Constraint networks ¶
The RBD Material Fracture tool not only fractures your geometry, but it also creates constraints for you between those pieces. If you want to create more constraints, there are 3 SOPs that allow you to do so, separate from the fracturing process. They follow the same 3 input/3 output RBD workflow, and give you a lot of control for building constraints. This is useful when you're fracturing two different types of materials, and want to create boundary constraints between them.
This tool is a very interactive way to build constraints, as you can simply click and draw constraints between the pieces you want to be connected in the viewport. Once the constraint is drawn, you can choose the Connection Type to determine how the constraints are set up. For more information, see the RBD Constraints From Lines help page.
This tool lets you draw a curve in the viewport, and will create constraints between points on the geometry of nearby pieces within a specified search radius. RBD Constraints from Curves also gives you the option to provide a curve in the 4th input, so that you can use it procedurally. For more information, see the RBD Constraints From Curves help page.
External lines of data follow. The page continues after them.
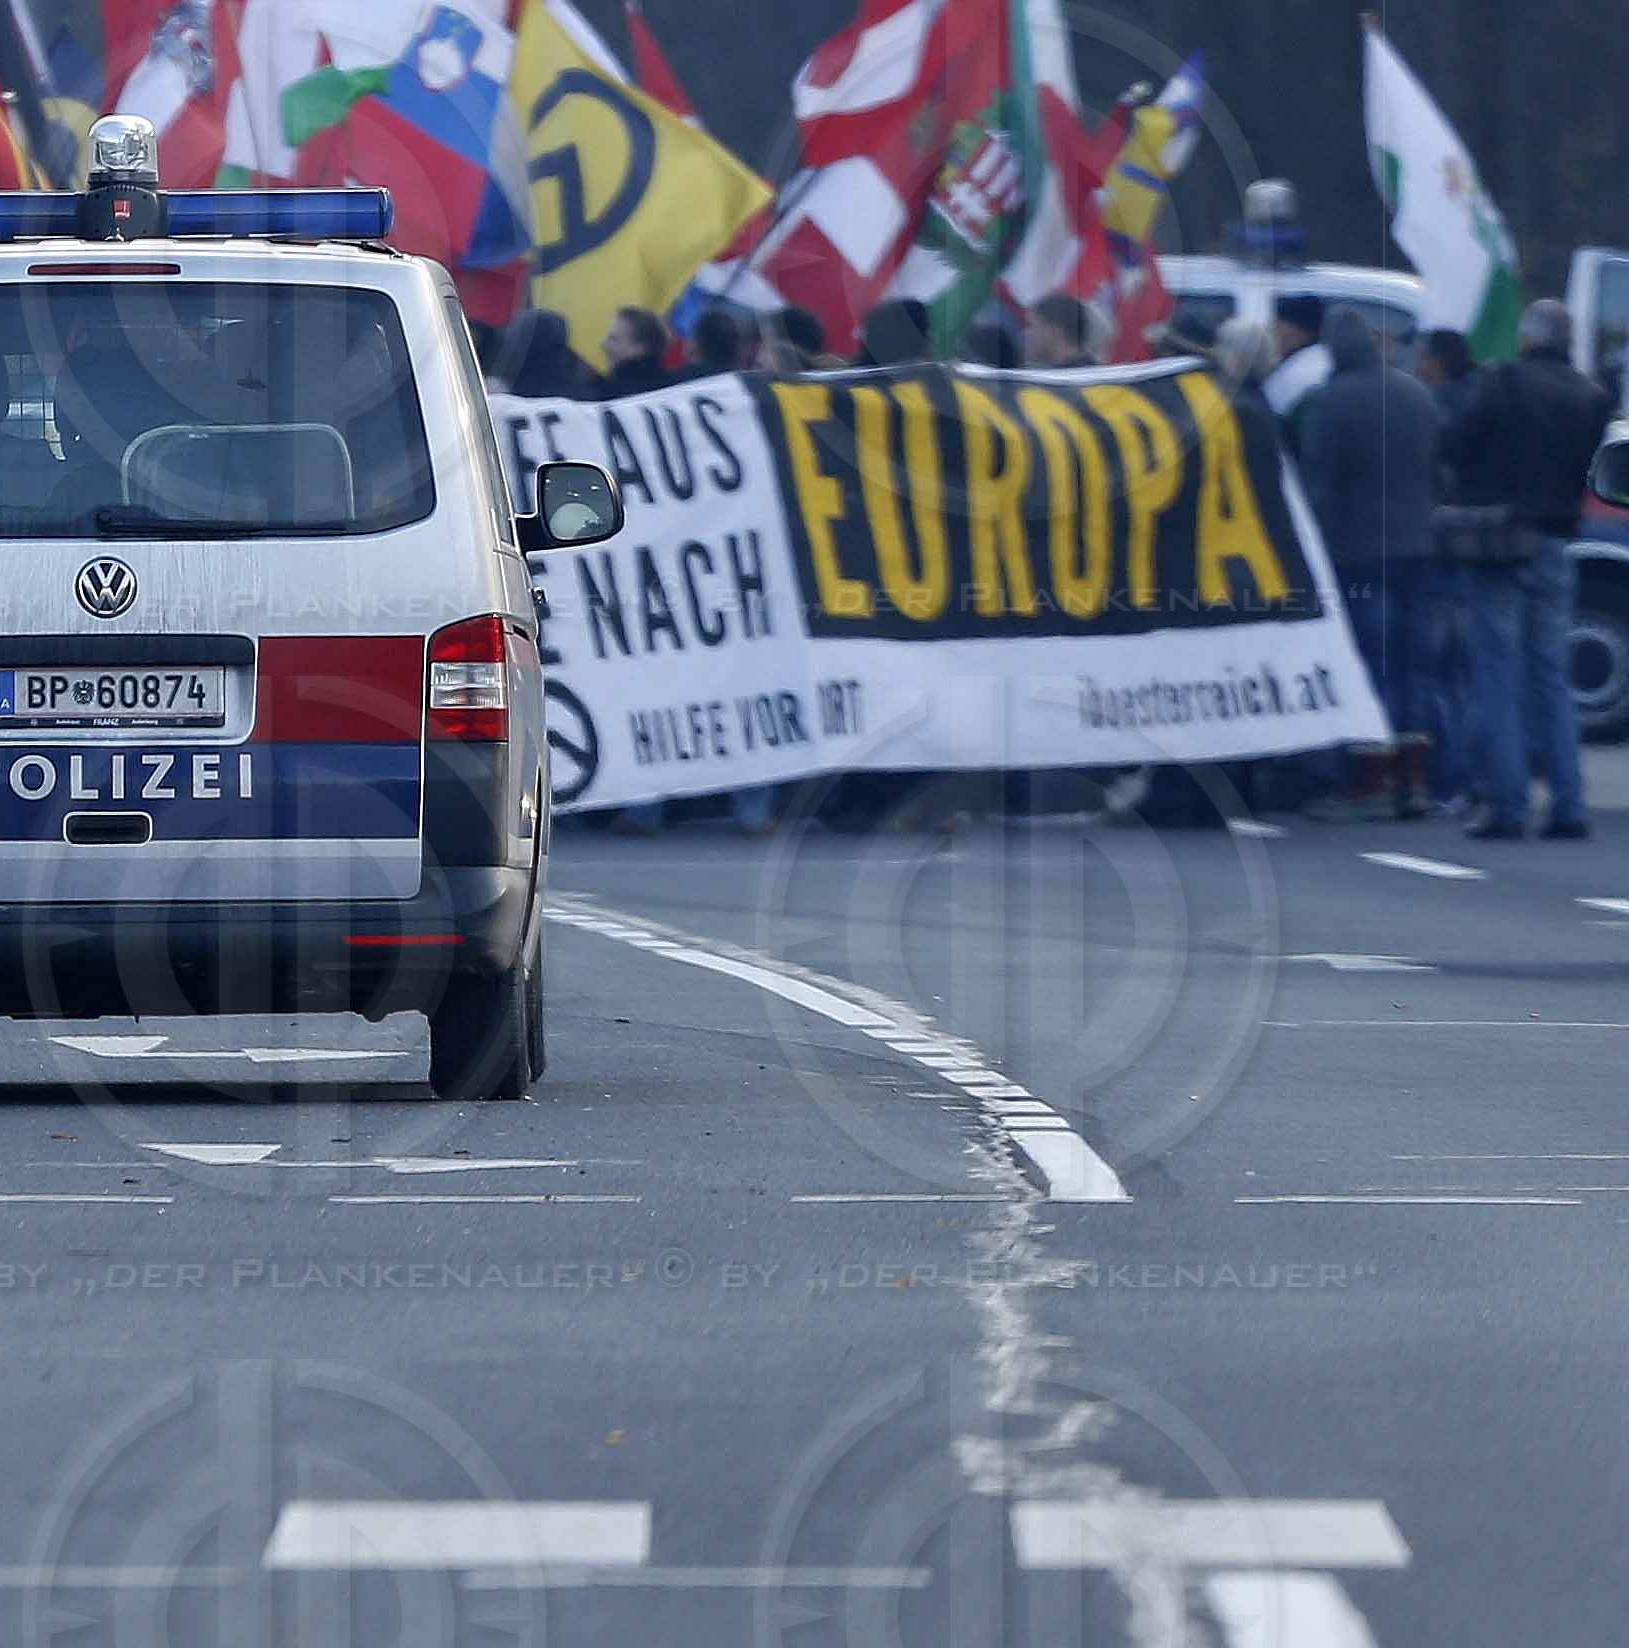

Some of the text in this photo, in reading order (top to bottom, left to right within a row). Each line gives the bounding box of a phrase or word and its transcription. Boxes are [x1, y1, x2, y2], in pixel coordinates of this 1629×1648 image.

[599, 396, 742, 504] AUS
[771, 371, 1290, 622] EUROPA
[574, 529, 772, 659] NACH
[27, 674, 206, 710] BP 60874
[627, 698, 728, 765] HILFE
This tool is a procedural node for creating constraints based on a set of rules and conditions. For example, you can constrain pieces based on groups and then only constrain the pieces that are within a certain bounding region.
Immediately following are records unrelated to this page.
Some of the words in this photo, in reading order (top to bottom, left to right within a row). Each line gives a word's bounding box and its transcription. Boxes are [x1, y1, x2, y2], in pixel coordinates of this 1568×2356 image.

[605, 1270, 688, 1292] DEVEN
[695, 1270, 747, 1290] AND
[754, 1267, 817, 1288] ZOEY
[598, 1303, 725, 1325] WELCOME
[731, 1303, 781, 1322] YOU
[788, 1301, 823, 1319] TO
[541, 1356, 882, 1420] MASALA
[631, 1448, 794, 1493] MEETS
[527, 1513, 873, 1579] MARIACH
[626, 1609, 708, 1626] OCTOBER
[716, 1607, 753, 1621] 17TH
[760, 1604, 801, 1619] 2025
All three constraint nodes will create simple primitives with a rest length attribute. The RBD Constraint Properties SOP node can be used afterward to create constraint groups and set up constraint types (such as glue or soft constraints). The help for the Constraint Network DOP has more background information about constraint networks (Constraint Network is the low-level DOP node responsible for converting SOP constraint geometry into the equivalent DOP constraints).
Types of connections ¶
All three constraint nodes (RBD Constraints From Lines, RBD Constraints From Curves, and RBD Constraints From Rules) will let you choose between the following types of connections.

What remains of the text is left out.